本論文は骨代謝に対するインターロイキンー1（IL-1）の役割を検討したもので、IL-1が炎症時だけでなく、生理状態においても骨代謝に重要な役割を果たしていることを初めて明らかにしている。この中で申請者は、 IL-1遺伝子欠損 (KO) マウスを用い、生体における骨量の変化を解析すると共に（Results I）、細胞培養系でそのメカニズムについて解析を行っており (Results II-VI)、以下にその結果を述べる。

骨は破骨細胞による骨吸収と骨芽細胞による骨形成からなる再構築を繰り返すことにより、骨量を一定に維持している。破骨細胞は骨破壊・骨吸収を直接担当する細胞であり、破骨細胞分化因子によってmonocyte- macrophage系の造血系前駆細胞から分化することが知られている。 また、破骨細胞形成には骨芽細胞との直接接触が必要であると考えられている。 数年前にこのような直接接触の実体が、 骨芽細胞がその細胞膜上に発現するReceptor Activator of NF-κB Ligand (RANKL)と呼ばれるサイトカインにより担われていることが発見された。 RANKLは副甲状腺ホルモン（PTH）などの骨吸収因子によって骨芽細胞上に発現誘導され、破骨細胞前駆細胞上に存在する受容体であるRANKと結合することによって破骨細胞を分化・活性化する。Osteoprotegerin (OPG)はRANKと競合するRANKLのおとり受容体であり、破骨細胞形成を抑制することが知られている。破骨細胞分化の分子機構の解明は、RANKL、RANKおよびOPG の発見によって急速に進歩した。 一方、免疫系は複雑なサイトカインネットワークによって制御されているが、それらのサイトカインが骨代謝に関わる細胞を制御する機構については、ほとんど明らかにされていなかった。 炎症部位で主に活性化マクロファージから産生されるサイトカインであるIL-1は強力な破骨細胞性骨吸収促進作用をもち、骨吸収性サイトカインとも呼ばれる。しかし、生理的状態でこのサイトカインが骨代謝に果す役割はこれまで解っておらず、申請者はその役割を検討した。

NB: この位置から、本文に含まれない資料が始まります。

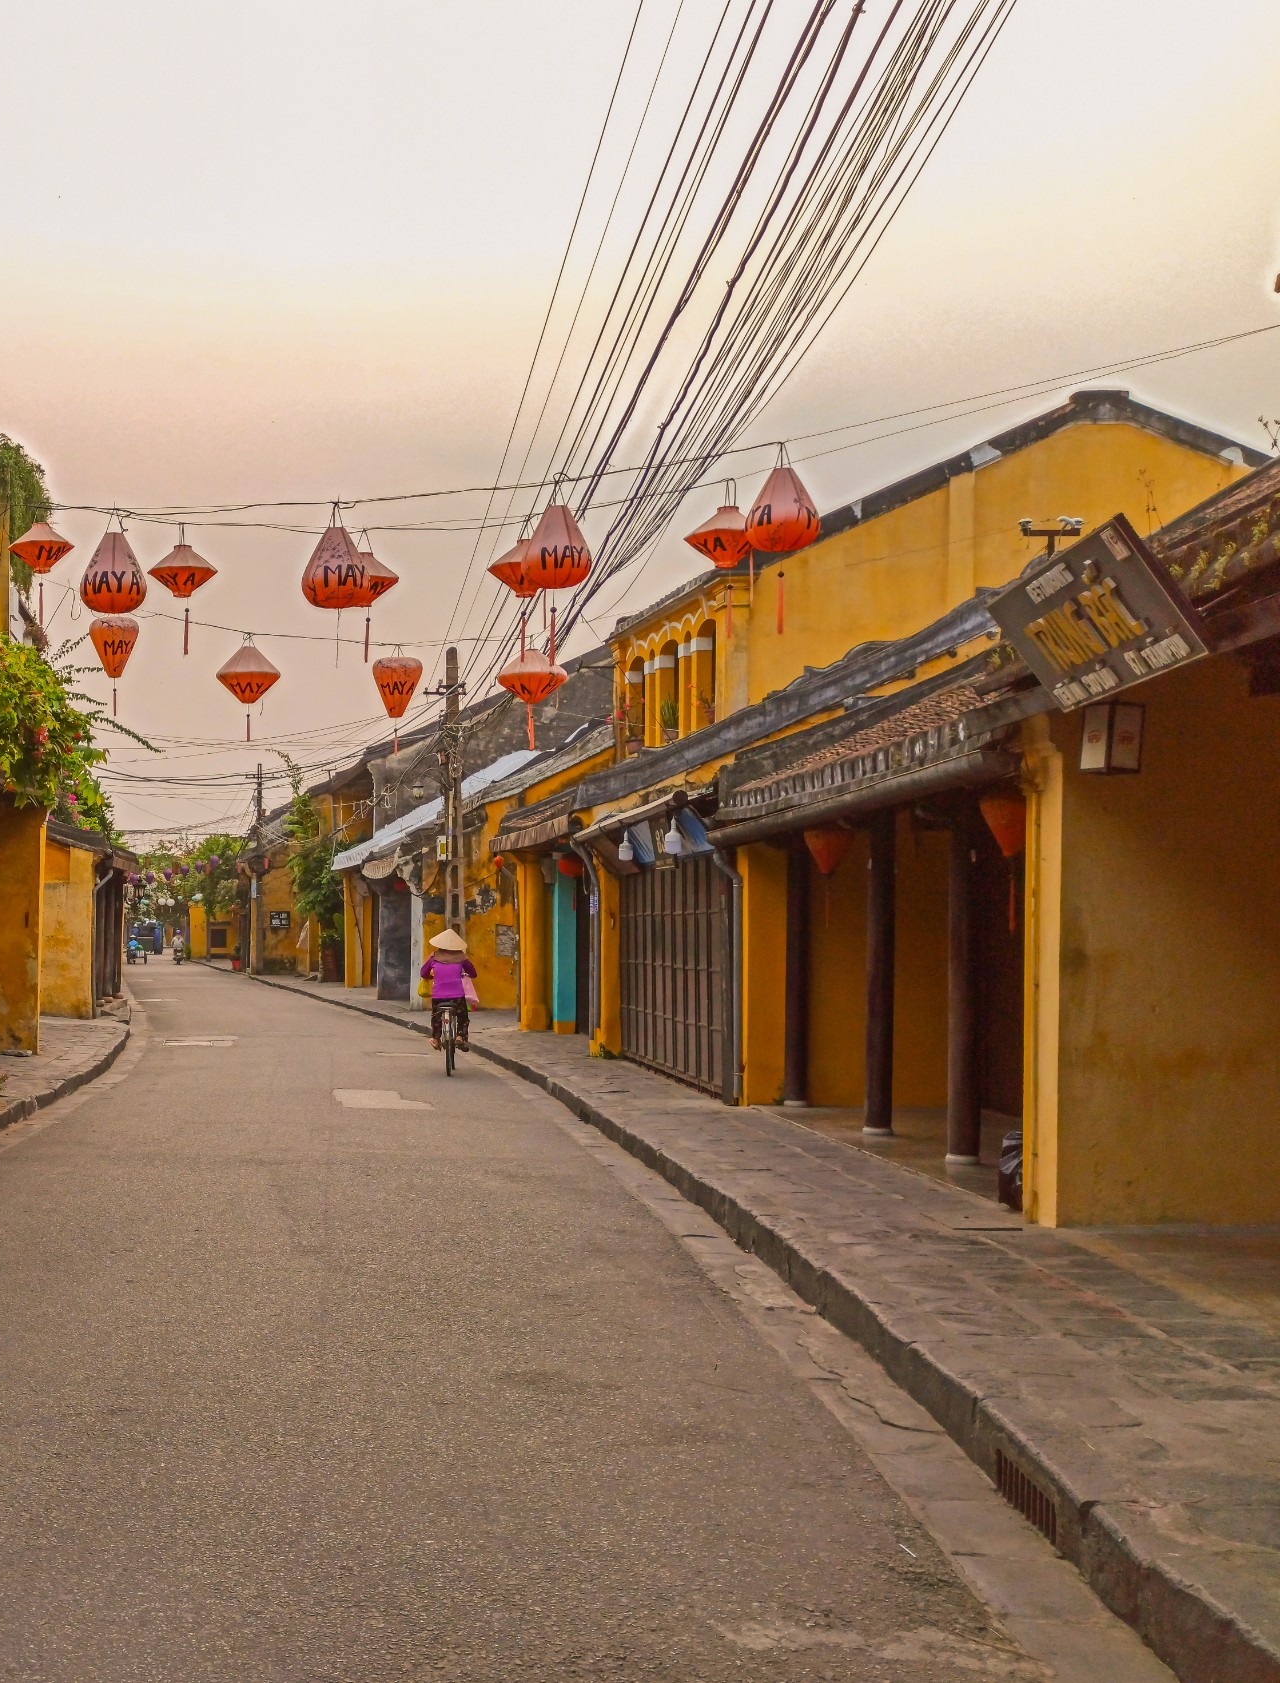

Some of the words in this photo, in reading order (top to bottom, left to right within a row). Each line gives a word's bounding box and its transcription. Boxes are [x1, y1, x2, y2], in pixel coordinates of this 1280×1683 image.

[84, 571, 141, 597] MAYA
[1024, 601, 1108, 672] TRUNG
[381, 681, 414, 696] MAYA
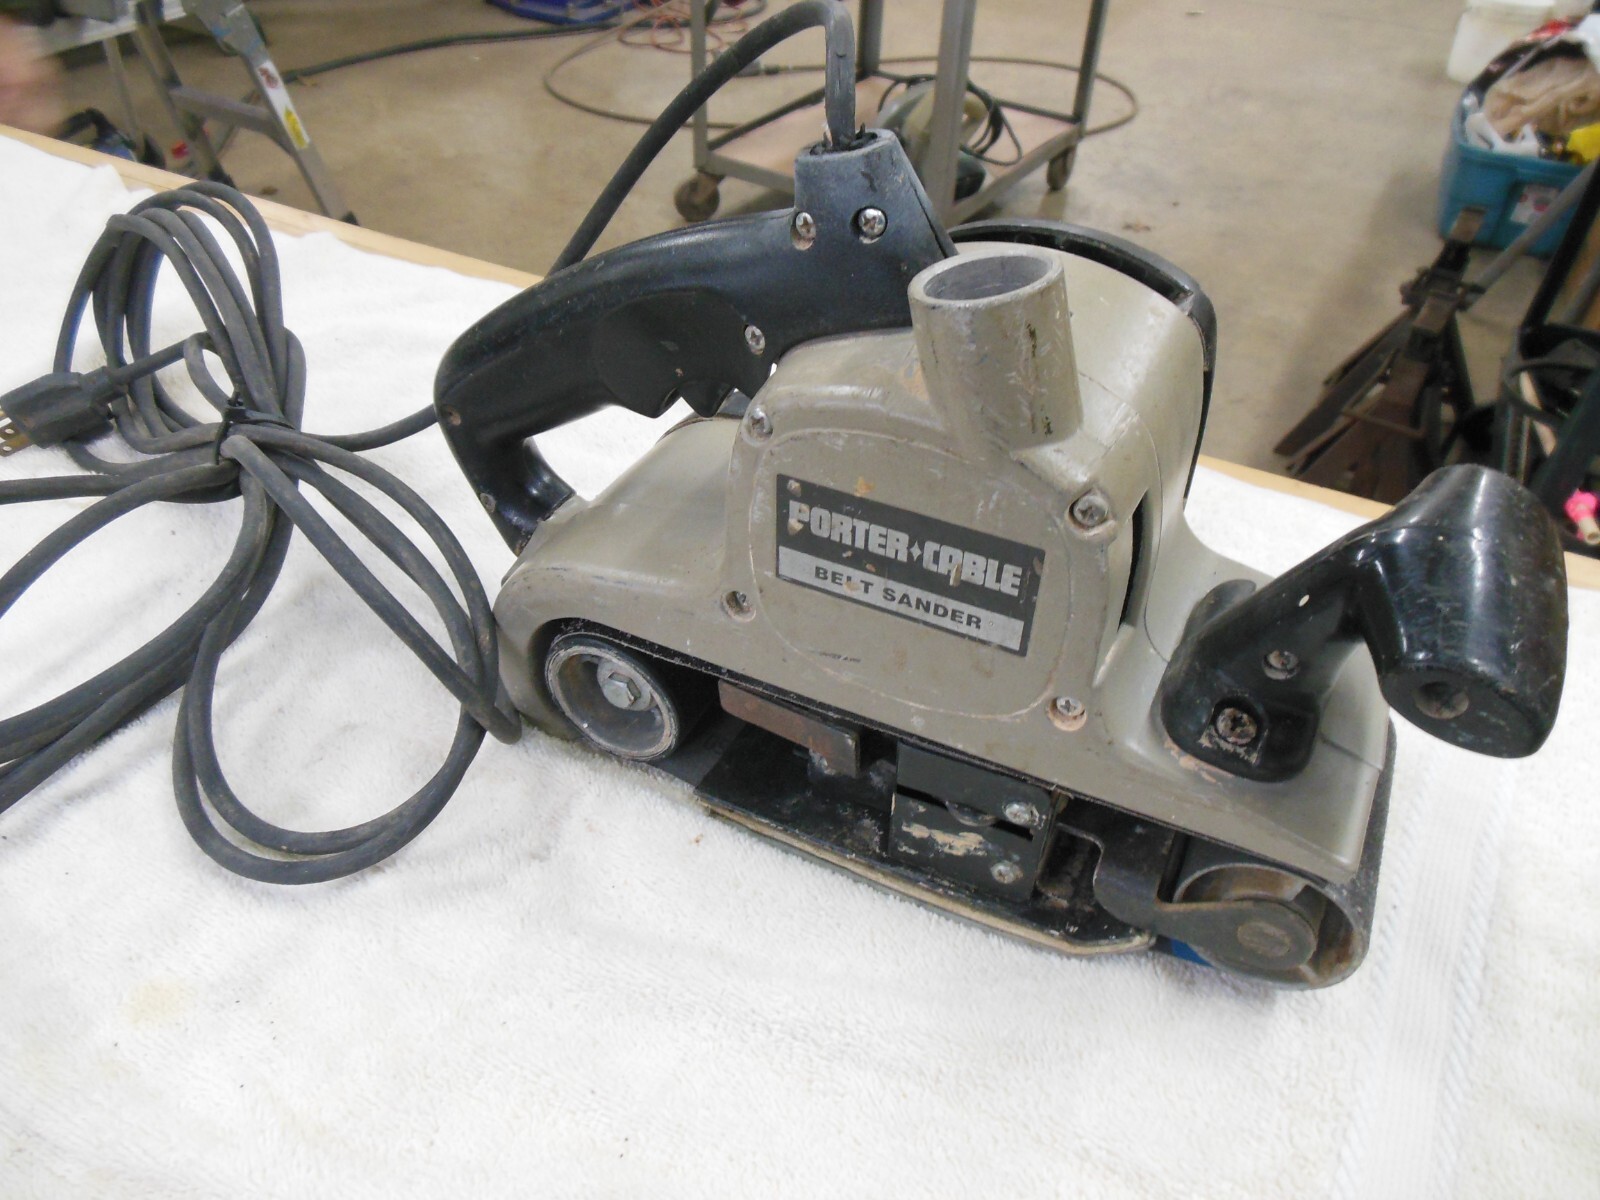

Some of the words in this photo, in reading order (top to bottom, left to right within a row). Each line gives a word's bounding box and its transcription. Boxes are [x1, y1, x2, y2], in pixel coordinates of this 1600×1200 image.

その結果、申請者はIL-1KO マウスにおいて、海綿骨の骨密度および皮質骨厚が野生型に比べて有意に増加することを見いだした。この時、IL-1 KOマウスの海綿骨における破骨細胞数は野生型マウスの約60％に減少しており、IL-1 KOマウスにおける骨量の増加は破骨細胞数の減少によることが示唆された。この結果はin vivoでIL-1が 生理的な条件において骨代謝に重要な役割をすることを示している。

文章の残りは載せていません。